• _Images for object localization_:
::::::::::

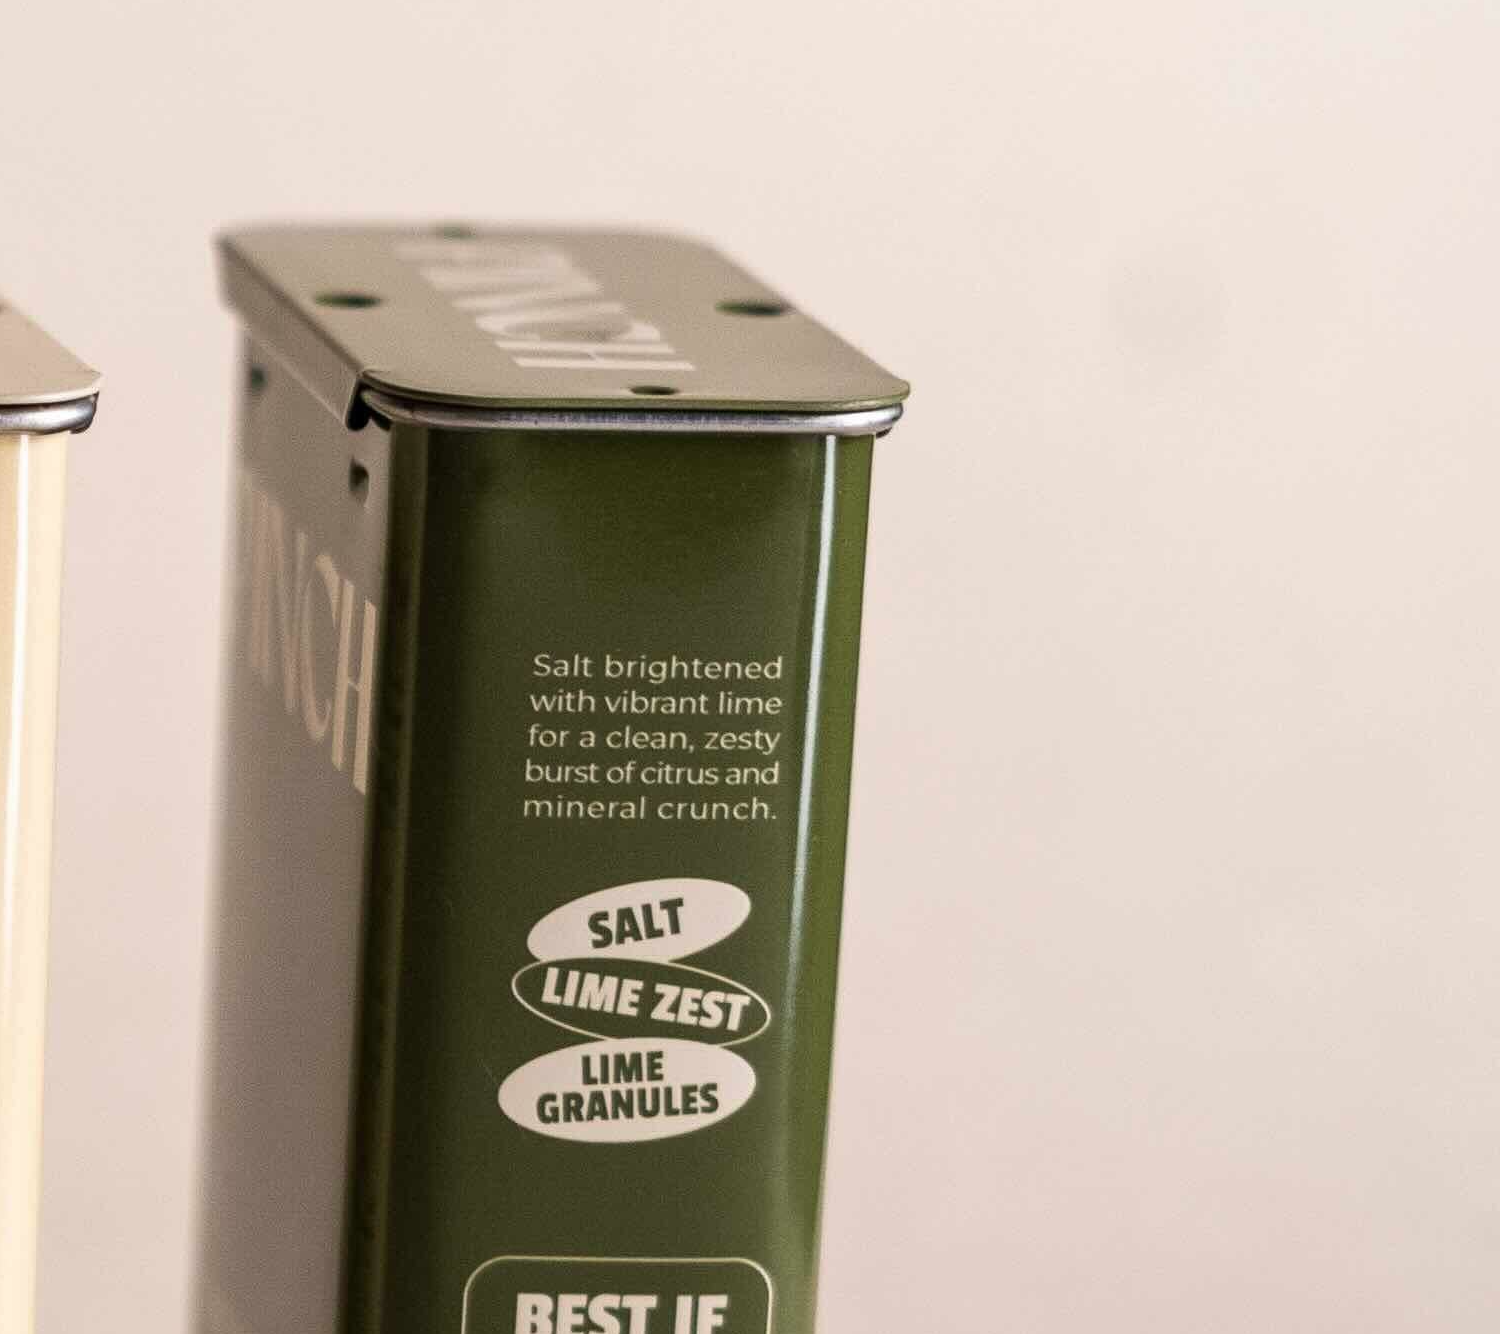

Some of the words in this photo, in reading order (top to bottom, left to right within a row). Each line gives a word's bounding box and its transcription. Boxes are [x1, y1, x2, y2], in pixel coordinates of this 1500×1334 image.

[533, 653, 592, 678] Salt
[604, 654, 783, 685] brightened
[529, 688, 596, 713] with
[604, 689, 709, 715] vibrant
[718, 691, 783, 715] lime
[528, 723, 570, 748] for
[579, 730, 596, 748] a
[605, 725, 695, 753] clean,
[704, 729, 781, 756] zesty
[587, 897, 685, 950] SALT
[540, 967, 645, 1017] LIME
[650, 981, 752, 1032] ZEST
[581, 1050, 665, 1086] LIME
[535, 1082, 720, 1125] GRANULES

::::::::::

Skip the pictures, then write out every entry exactly.

• _Result of the exercise_:
Some of the words in this photo, in reading order (top to bottom, left to right within a row). Each line gives a word's bounding box and its transcription. Boxes are [x1, y1, x2, y2], in pixel coordinates of this 1500×1334 image.

[533, 653, 592, 678] Salt
[604, 654, 783, 685] brightened
[529, 688, 596, 713] with
[604, 689, 709, 715] vibrant
[718, 691, 783, 715] lime
[528, 723, 570, 748] for
[579, 730, 596, 748] a
[605, 725, 695, 753] clean,
[704, 729, 781, 756] zesty
[587, 897, 685, 950] SALT
[540, 967, 645, 1017] LIME
[650, 981, 752, 1032] ZEST
[581, 1050, 665, 1086] LIME
[535, 1082, 720, 1125] GRANULES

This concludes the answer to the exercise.